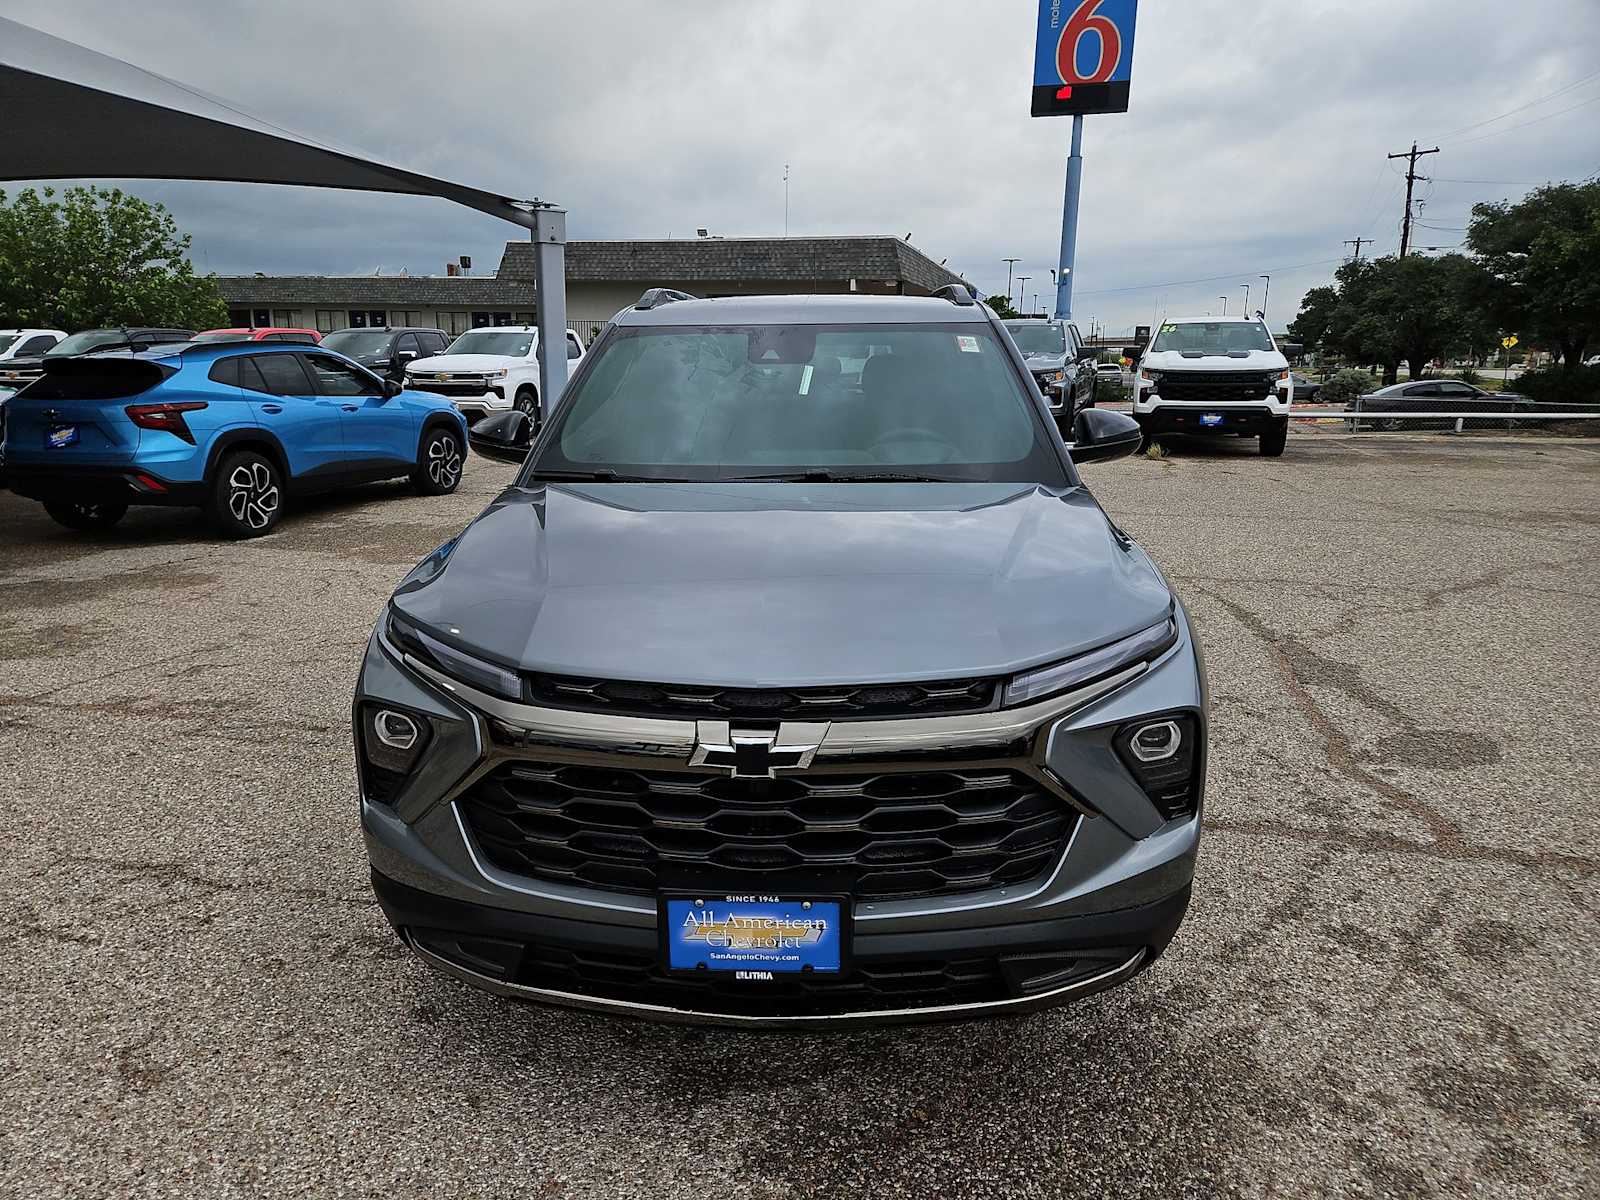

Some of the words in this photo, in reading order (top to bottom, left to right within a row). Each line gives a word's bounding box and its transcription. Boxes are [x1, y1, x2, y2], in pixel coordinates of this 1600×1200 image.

[1056, 0, 1122, 85] 6
[683, 911, 714, 928] All
[723, 913, 828, 930] American
[706, 930, 801, 949] Chevrolet
[710, 953, 800, 962] SanAngeloChevy.com
[744, 971, 773, 980] LITHIA
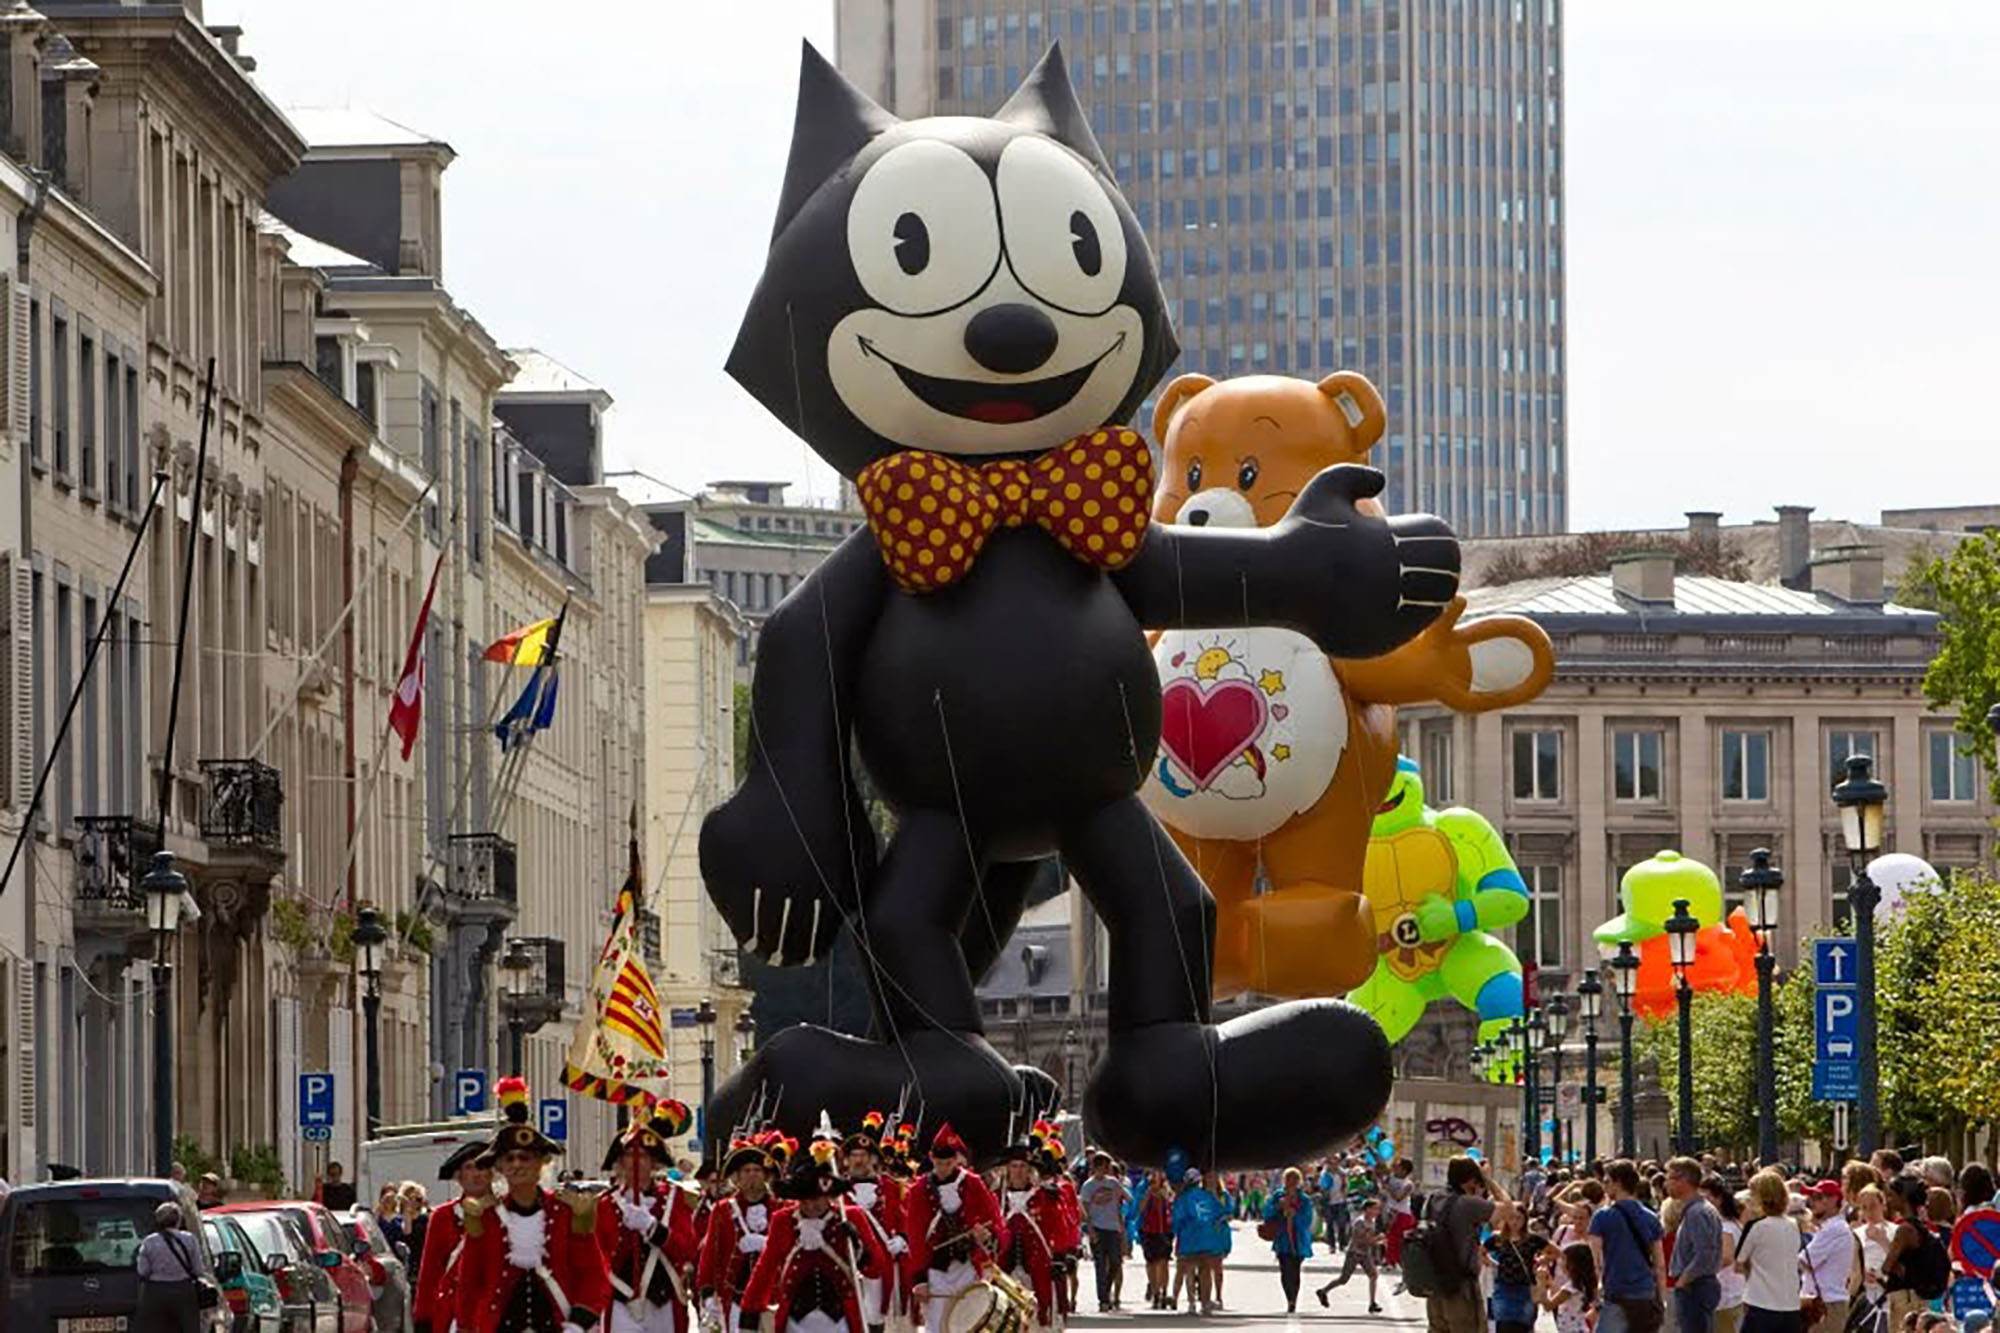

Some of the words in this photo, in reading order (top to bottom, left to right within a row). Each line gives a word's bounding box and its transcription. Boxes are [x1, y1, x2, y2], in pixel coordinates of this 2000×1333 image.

************

Problem statement
Make an exact copy of the records above, one that has none of the pictures.

Problem solution
Some of the words in this photo, in reading order (top to bottom, left to right within a row). Each line gives a word's bounding box and its transcription. Boxes are [x1, y1, x2, y2], in pixel coordinates of this 1600×1200 image.

[1056, 0, 1122, 85] 6
[683, 911, 714, 928] All
[723, 913, 828, 930] American
[706, 930, 801, 949] Chevrolet
[710, 953, 800, 962] SanAngeloChevy.com
[744, 971, 773, 980] LITHIA

Some of the words in this photo, in reading order (top to bottom, left to right within a row). Each line gives a word's bounding box and its transcription. Boxes are [x1, y1, x2, y2], in pixel coordinates of this 2000×1333 image.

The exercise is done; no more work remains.